Output all entries precisely.

===

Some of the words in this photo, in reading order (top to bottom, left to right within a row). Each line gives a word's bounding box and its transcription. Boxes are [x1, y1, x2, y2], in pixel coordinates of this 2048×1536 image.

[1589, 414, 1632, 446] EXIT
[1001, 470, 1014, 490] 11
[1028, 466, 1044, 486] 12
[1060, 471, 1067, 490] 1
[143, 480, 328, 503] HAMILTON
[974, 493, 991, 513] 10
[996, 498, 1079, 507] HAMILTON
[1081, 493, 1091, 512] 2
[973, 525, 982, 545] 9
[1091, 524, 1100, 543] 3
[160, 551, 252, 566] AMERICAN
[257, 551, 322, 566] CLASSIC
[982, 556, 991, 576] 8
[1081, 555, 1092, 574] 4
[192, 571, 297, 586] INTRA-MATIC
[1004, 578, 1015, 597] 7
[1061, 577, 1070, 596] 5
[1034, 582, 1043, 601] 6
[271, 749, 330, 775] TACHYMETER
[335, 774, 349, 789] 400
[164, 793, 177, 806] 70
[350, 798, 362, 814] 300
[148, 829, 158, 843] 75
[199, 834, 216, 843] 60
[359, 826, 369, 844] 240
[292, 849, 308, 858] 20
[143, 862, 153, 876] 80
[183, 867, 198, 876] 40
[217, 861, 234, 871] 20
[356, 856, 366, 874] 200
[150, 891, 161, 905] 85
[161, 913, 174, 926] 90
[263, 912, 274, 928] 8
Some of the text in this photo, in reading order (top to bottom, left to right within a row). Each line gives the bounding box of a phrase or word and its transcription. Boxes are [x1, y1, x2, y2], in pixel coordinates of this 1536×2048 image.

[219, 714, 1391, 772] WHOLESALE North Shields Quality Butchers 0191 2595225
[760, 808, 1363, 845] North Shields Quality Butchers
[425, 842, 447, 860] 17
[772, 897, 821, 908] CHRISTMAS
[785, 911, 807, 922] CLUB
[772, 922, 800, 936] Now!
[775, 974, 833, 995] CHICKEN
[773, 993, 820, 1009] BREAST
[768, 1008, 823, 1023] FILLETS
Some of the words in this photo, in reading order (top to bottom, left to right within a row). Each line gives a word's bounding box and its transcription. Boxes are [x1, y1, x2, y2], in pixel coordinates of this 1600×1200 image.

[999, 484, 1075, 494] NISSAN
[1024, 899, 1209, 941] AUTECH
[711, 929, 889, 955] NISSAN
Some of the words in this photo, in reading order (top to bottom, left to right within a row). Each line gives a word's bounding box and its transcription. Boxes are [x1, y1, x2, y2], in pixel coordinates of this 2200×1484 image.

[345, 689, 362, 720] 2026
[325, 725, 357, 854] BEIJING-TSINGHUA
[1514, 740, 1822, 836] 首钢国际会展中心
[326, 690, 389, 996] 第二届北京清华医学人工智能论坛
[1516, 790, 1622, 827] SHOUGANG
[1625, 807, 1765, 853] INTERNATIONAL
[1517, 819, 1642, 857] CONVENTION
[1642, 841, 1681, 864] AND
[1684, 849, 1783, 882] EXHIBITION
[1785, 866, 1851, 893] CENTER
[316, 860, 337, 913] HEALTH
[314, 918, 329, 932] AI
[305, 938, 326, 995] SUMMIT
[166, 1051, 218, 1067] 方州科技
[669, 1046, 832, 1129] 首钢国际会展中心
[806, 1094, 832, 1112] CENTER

===

» **Task response**
Some of the words in this photo, in reading order (top to bottom, left to right within a row). Each line gives a word's bounding box and its transcription. Boxes are [x1, y1, x2, y2], in pixel coordinates of this 2048×1536 image.

[1589, 414, 1632, 446] EXIT
[1001, 470, 1014, 490] 11
[1028, 466, 1044, 486] 12
[1060, 471, 1067, 490] 1
[143, 480, 328, 503] HAMILTON
[974, 493, 991, 513] 10
[996, 498, 1079, 507] HAMILTON
[1081, 493, 1091, 512] 2
[973, 525, 982, 545] 9
[1091, 524, 1100, 543] 3
[160, 551, 252, 566] AMERICAN
[257, 551, 322, 566] CLASSIC
[982, 556, 991, 576] 8
[1081, 555, 1092, 574] 4
[192, 571, 297, 586] INTRA-MATIC
[1004, 578, 1015, 597] 7
[1061, 577, 1070, 596] 5
[1034, 582, 1043, 601] 6
[271, 749, 330, 775] TACHYMETER
[335, 774, 349, 789] 400
[164, 793, 177, 806] 70
[350, 798, 362, 814] 300
[148, 829, 158, 843] 75
[199, 834, 216, 843] 60
[359, 826, 369, 844] 240
[292, 849, 308, 858] 20
[143, 862, 153, 876] 80
[183, 867, 198, 876] 40
[217, 861, 234, 871] 20
[356, 856, 366, 874] 200
[150, 891, 161, 905] 85
[161, 913, 174, 926] 90
[263, 912, 274, 928] 8
Some of the text in this photo, in reading order (top to bottom, left to right within a row). Each line gives the bounding box of a phrase or word and its transcription. Boxes are [x1, y1, x2, y2], in pixel coordinates of this 1536×2048 image.

[219, 714, 1391, 772] WHOLESALE North Shields Quality Butchers 0191 2595225
[760, 808, 1363, 845] North Shields Quality Butchers
[425, 842, 447, 860] 17
[772, 897, 821, 908] CHRISTMAS
[785, 911, 807, 922] CLUB
[772, 922, 800, 936] Now!
[775, 974, 833, 995] CHICKEN
[773, 993, 820, 1009] BREAST
[768, 1008, 823, 1023] FILLETS
Some of the words in this photo, in reading order (top to bottom, left to right within a row). Each line gives a word's bounding box and its transcription. Boxes are [x1, y1, x2, y2], in pixel coordinates of this 1600×1200 image.

[999, 484, 1075, 494] NISSAN
[1024, 899, 1209, 941] AUTECH
[711, 929, 889, 955] NISSAN
Some of the words in this photo, in reading order (top to bottom, left to right within a row). Each line gives a word's bounding box and its transcription. Boxes are [x1, y1, x2, y2], in pixel coordinates of this 2200×1484 image.

[345, 689, 362, 720] 2026
[325, 725, 357, 854] BEIJING-TSINGHUA
[1514, 740, 1822, 836] 首钢国际会展中心
[326, 690, 389, 996] 第二届北京清华医学人工智能论坛
[1516, 790, 1622, 827] SHOUGANG
[1625, 807, 1765, 853] INTERNATIONAL
[1517, 819, 1642, 857] CONVENTION
[1642, 841, 1681, 864] AND
[1684, 849, 1783, 882] EXHIBITION
[1785, 866, 1851, 893] CENTER
[316, 860, 337, 913] HEALTH
[314, 918, 329, 932] AI
[305, 938, 326, 995] SUMMIT
[166, 1051, 218, 1067] 方州科技
[669, 1046, 832, 1129] 首钢国际会展中心
[806, 1094, 832, 1112] CENTER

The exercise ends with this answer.